Dean took a moment to knock the dust bunnies from his hair and his clothes before glancing up at Sam. “Yeah?”

“Did you ever write Santa a letter?”

The older boy sat down on the bed beside of Sam and stretched his legs out. “I did once when I was just a little younger than you. Mom helped me write it.”

Sam’s eyes widened. “What’d you ask for?”

A slow smile touched Dean's lips. He remembered vividly the look that his mother had given him when he‘d told her what to write. “A little brother.”

“And Santa brought you me.” Sam looked amazed. “You must have been really good back then.”

“I had my moments.”

Sam thought for a minute, looking down at the book and then back to his brother. “Could I ask for a little brother?”

Dean’s smile faded. “No. I think he’s probably out of those for our family, Sammy.”

“A sister?”

Dean snorted. “Why would we want one of those?”
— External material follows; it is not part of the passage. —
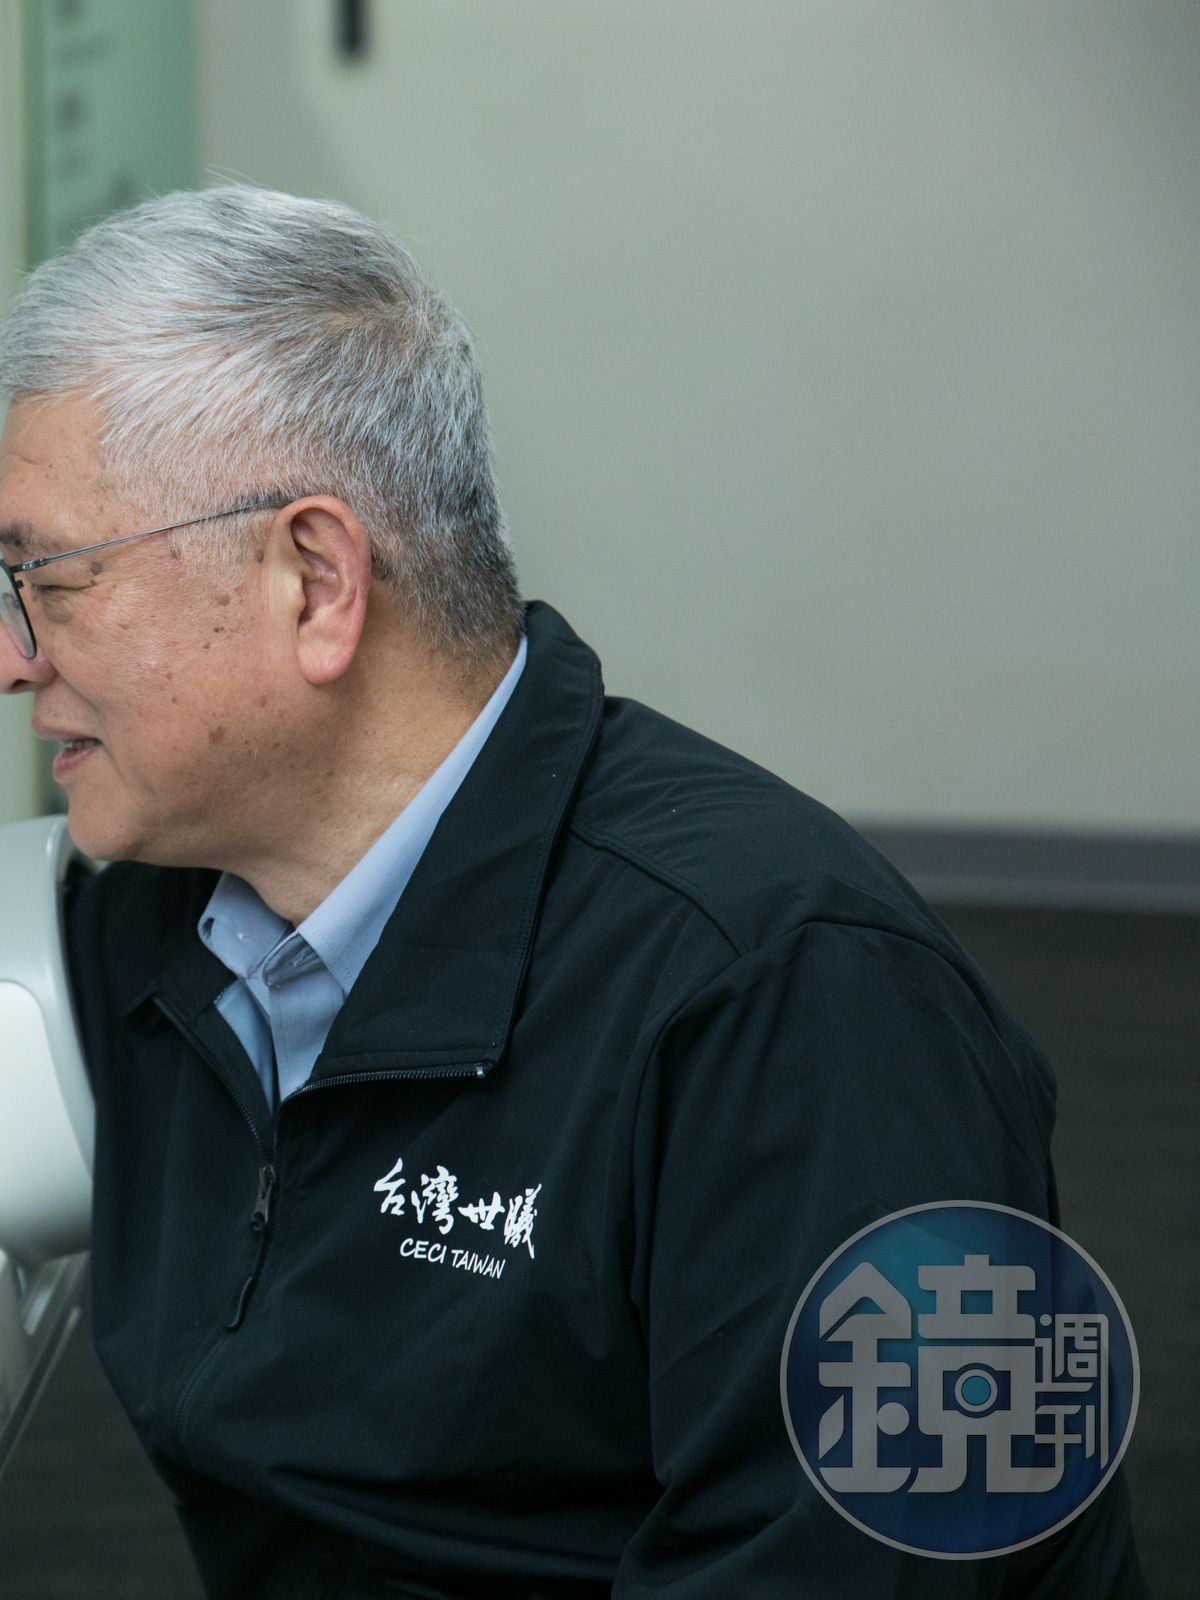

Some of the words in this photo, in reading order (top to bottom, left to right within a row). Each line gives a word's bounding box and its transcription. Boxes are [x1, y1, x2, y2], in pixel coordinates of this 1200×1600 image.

[373, 1157, 542, 1259] 台灣世曦
[400, 1238, 447, 1264] CECI
[450, 1249, 506, 1280] TAIWAN
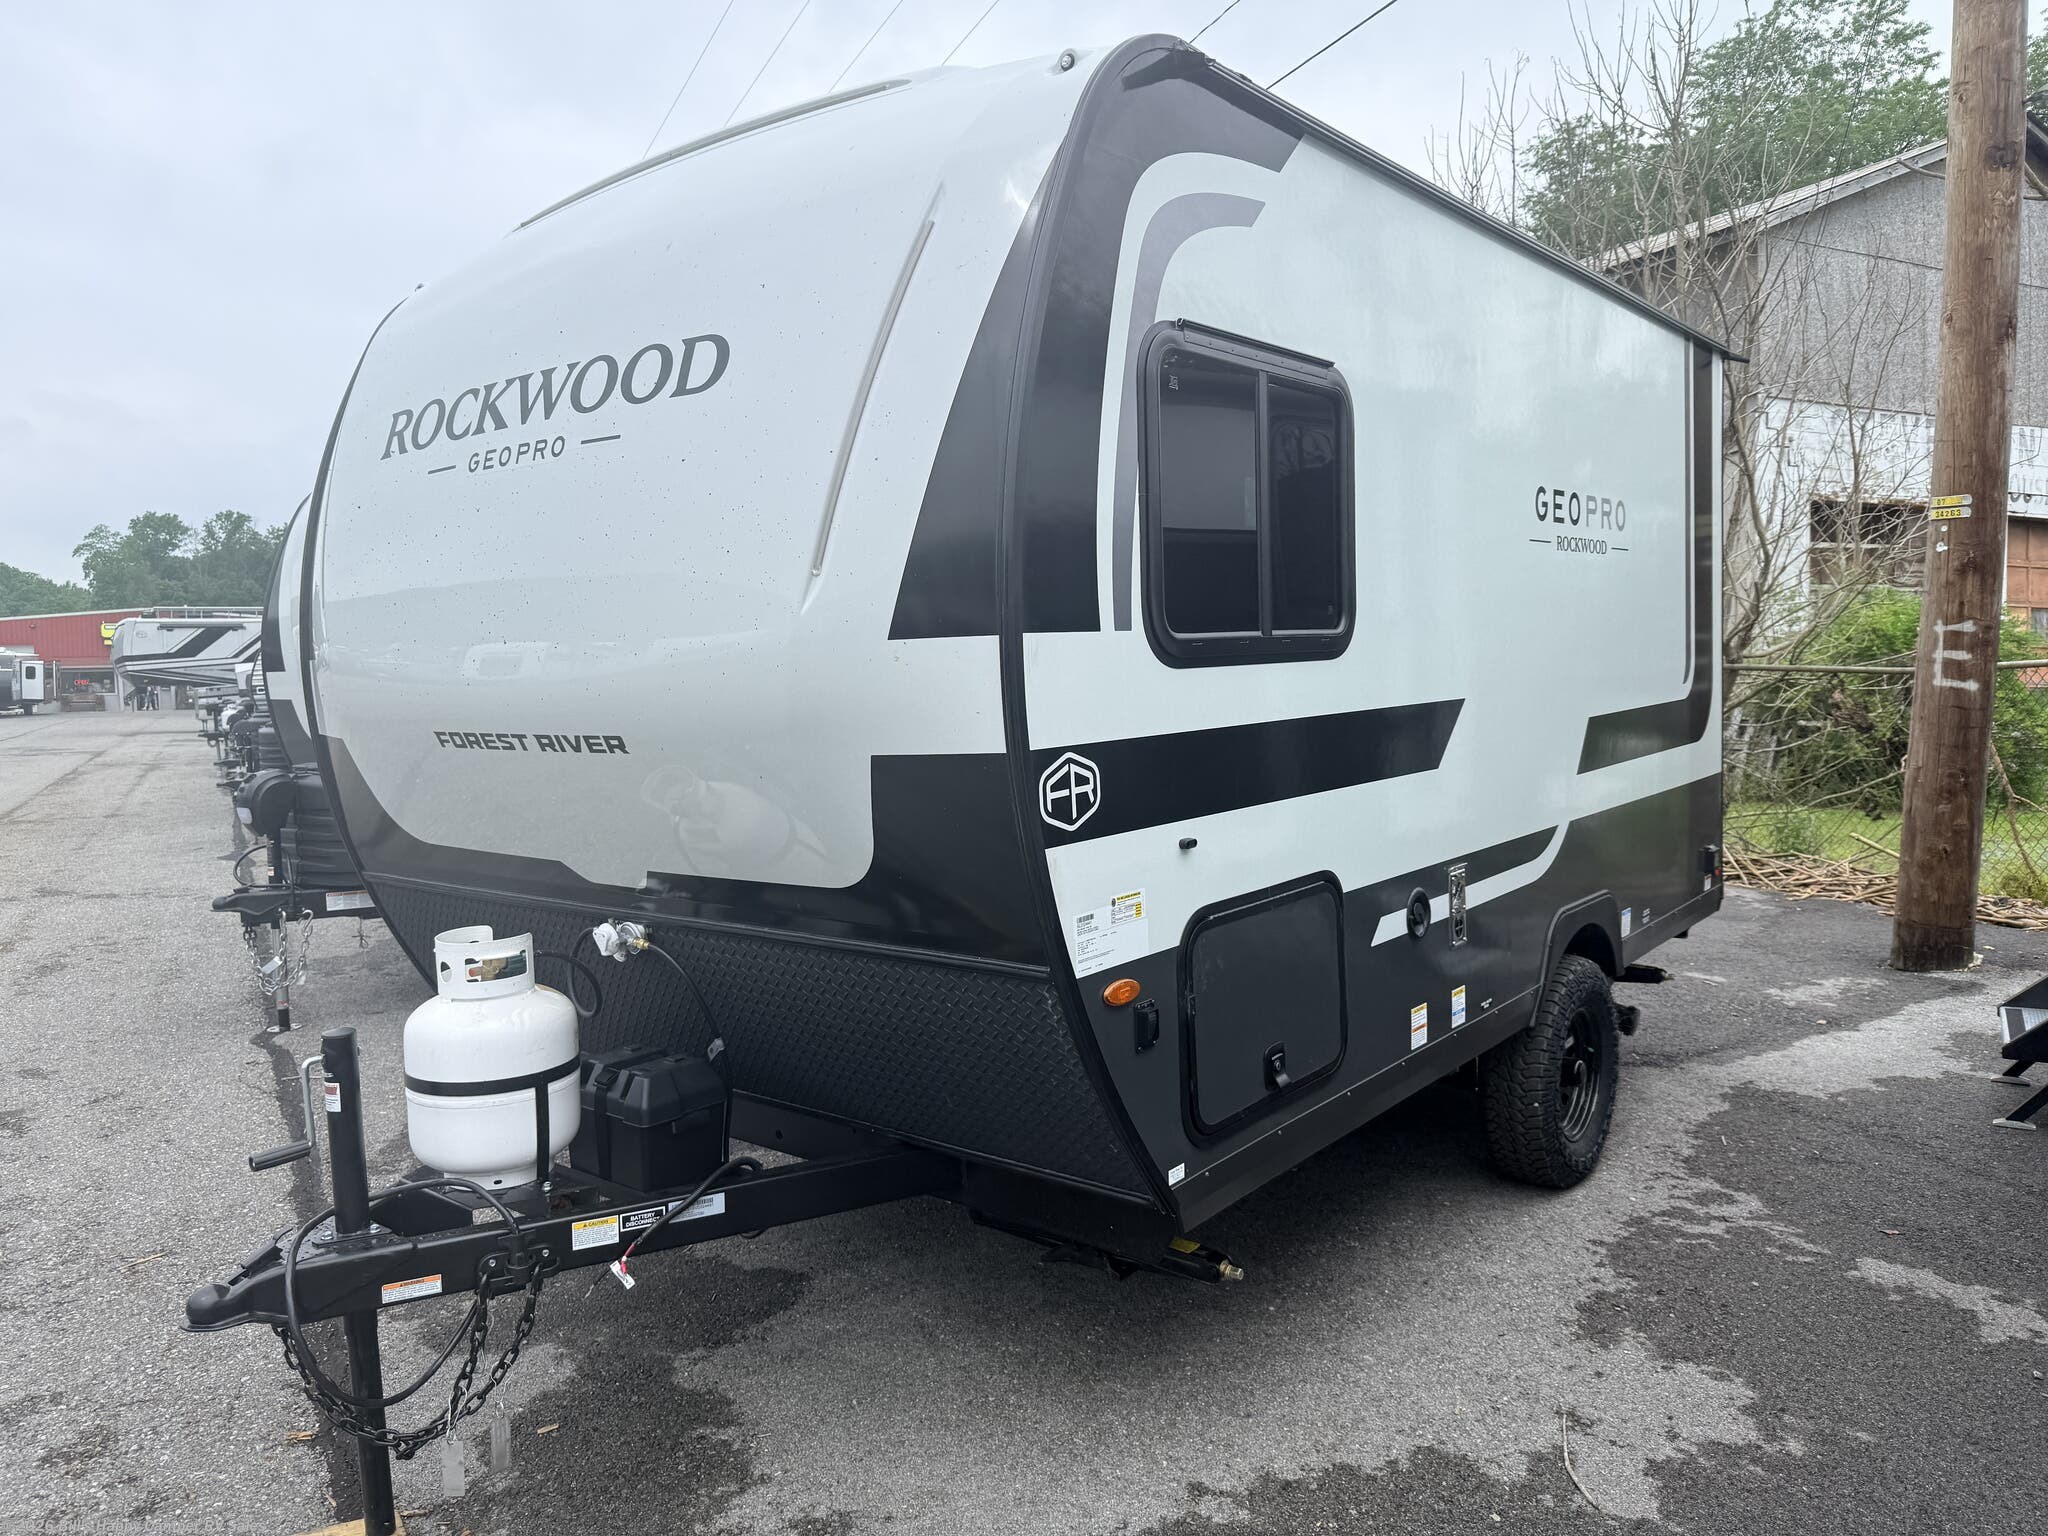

Sam nodded seriously. “Right, girls are gross-well, except for Kelley.”

Dean shook his head. “How about you just stick with the Transformer?”

The six year-old sighed heavily. “Okay, but after all this, I can’t promise that I’ll be so good next year.”

Dean laughed and threw his arm around Sam, the sudden scent of sunshine and daisies filling the space between them. An image of his mom holding him so that he could kiss a baby Sam goodnight sprung to his mind, and he pulled his little brother into a tight hug.

The kind of hug that said he might have missed him like he’d been gone for months.

The kind of hug that left just a little bit of himself all wrapped up in Sam.